4. It is difficult to determine the length of each LPSD phase – each outage will have its own timeline dictated by the available SSCs (and at some plants, seasonal considerations).
   ISL section 4.2 says, "… basic event failure probabilities are … typically quantified as average values, even though for most components, best-available reliability models would imply a time-dependence of failure probability. … [ a rigorous model would account for] how recently a given item was tested … [as a way to adjust] its current 'demand failure probability,' and recent operating history would bear on the decay heat level." 
5. Section 4.6.3 of ISL goes on to explain that, "[f]or items whose demand failure probability is dominated by failures in standby, a successful test justifies assignment of a failure probability substantially lower than the time-averaged value used in the PRA.  Alternatively, increased recovery probability may sometimes be justified by stationing operators in advance where they may be needed in order to accomplish recovery."
6. ISL section 4.4. says, " … the licensee can look at high frequency initiating events to see if there is a means to reduce risk by reducing the frequency of that event."  In section 4.6.2, ISL discusses two types of initiators.  (1) Initiating events that directly challenge the down equipment (initiating events to which the down equipment normally provides the preferred response).  (2) Initiating events that lead to challenges to the down equipment if other success paths fail (events for which the down equipment normally plays a back-up role). 
7. In section 4.6.1, ISL encourages the use of NUREG/CR-6141, "Handbook of Methods for Risk-Based Analyses of Technical Specifications," relative to common cause failure analysis to estimate the risk increase. 
8. Section 4.6.3 of ISL ends with a strong argument that a compensatory action to avoid concurrent maintenance on all safety-related equipment "may not translate into much real risk avoidance: some of this maintenance is forbidden anyway, and other portions of it may be carried out later with the same risk impact it would have had during the NOED."

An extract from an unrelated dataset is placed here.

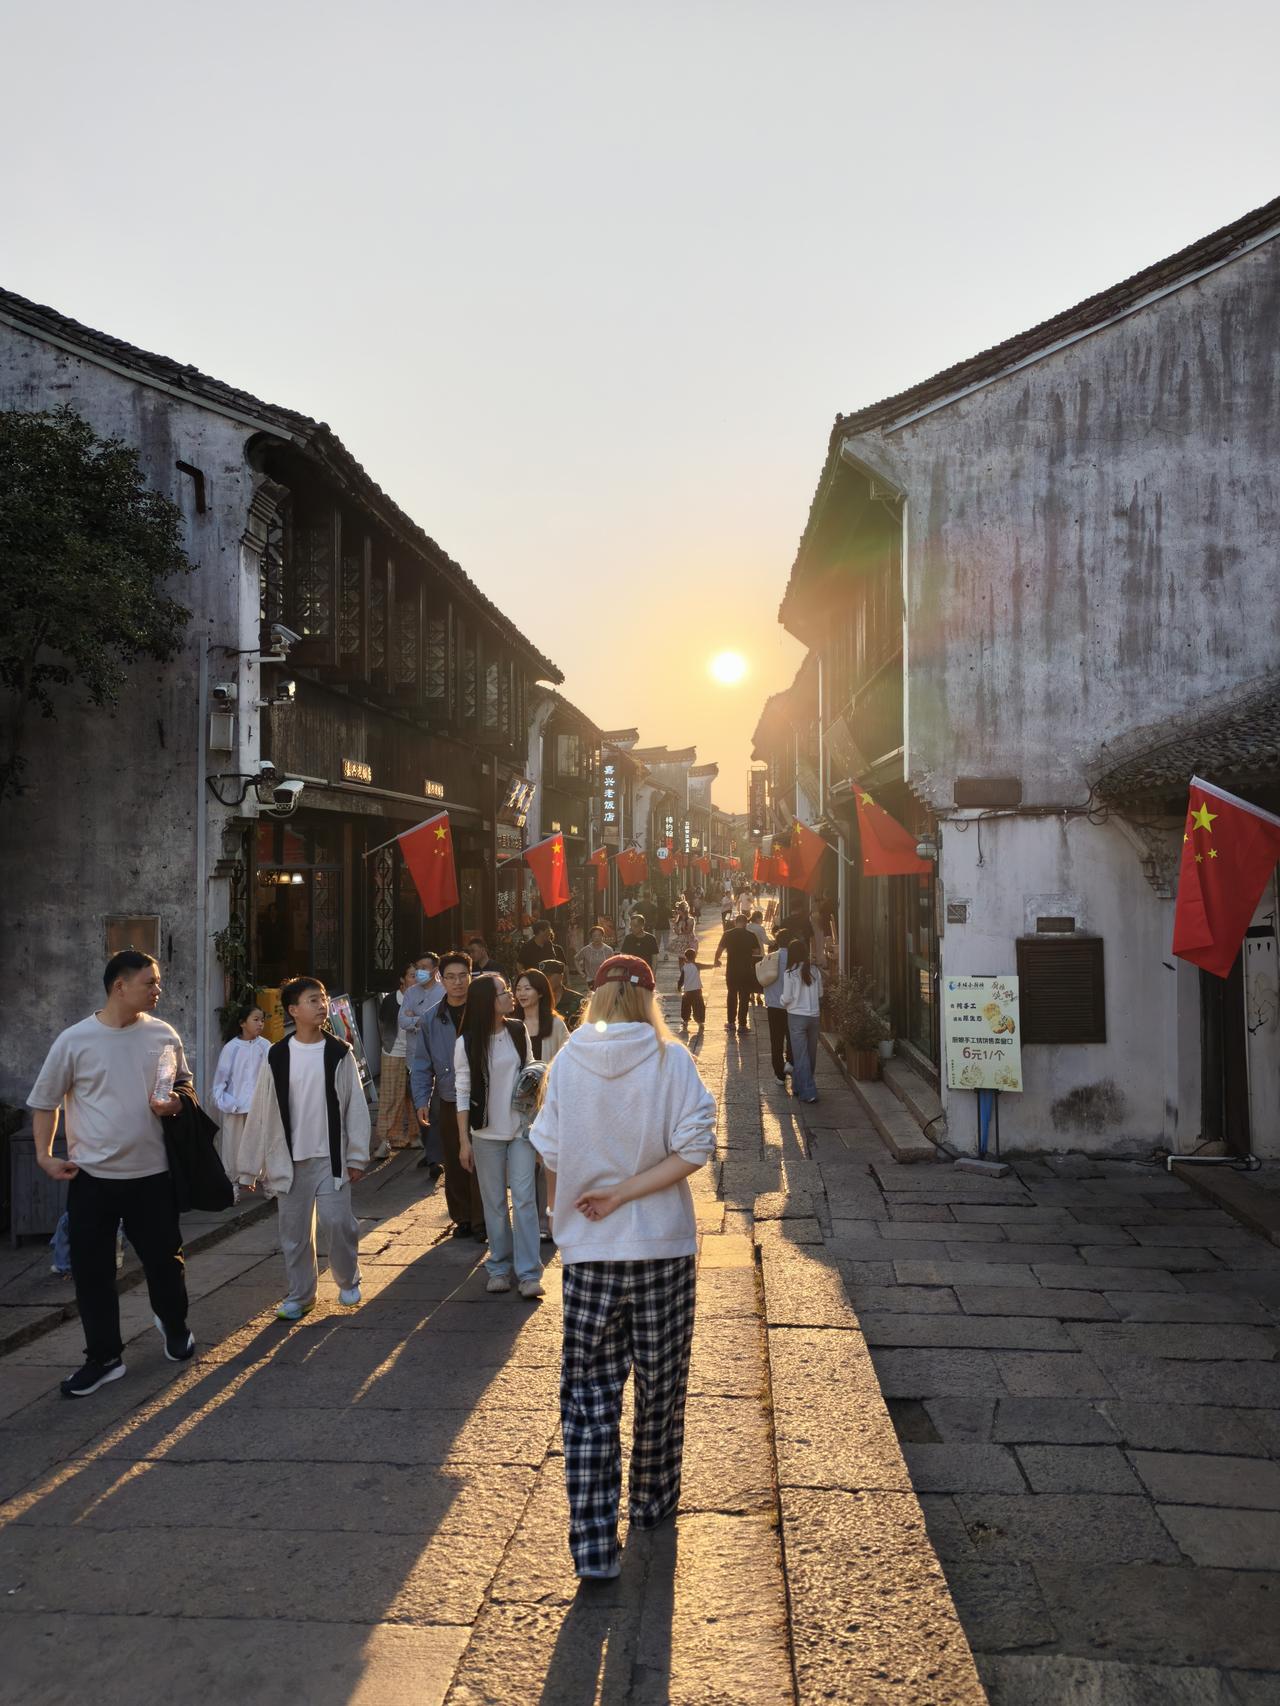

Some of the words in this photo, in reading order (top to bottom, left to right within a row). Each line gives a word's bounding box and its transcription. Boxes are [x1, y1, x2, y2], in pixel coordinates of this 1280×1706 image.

[603, 765, 615, 822] 嘉兴老饭店
[962, 1046, 1006, 1061] 6元1/个

PRA and design basis analyses (Appendix K) assumptions

Over-reliance on DBA assumptions is causing the nuclear industry to overstate the baseline CDF for the plants. The effect is to limit operational flexibility, and increase the burden on the regulator to keep the public health and safety risk as low as is reasonable. If the current generation of nuclear plants had a reported CDF similar to what is estimated for the IRIS plants (i.e., ~1E-08/year), could we end the hair pulling and cultivation of new rules? Could we replace out-dated (i.e., hard to replace) SSCs with other SSCs that take advantage of technological developments since the 1970s without arguing about the incremental reliability differences between analog and digital? Could we finally get to a state where surveillances and inspections were actually done to maximize the value of the capital assets at the plant? If it can be shown that the best estimate public health and safety risk from commercial nuclear power is on a par with IRIS, can we fall in love with nuclear power all over again?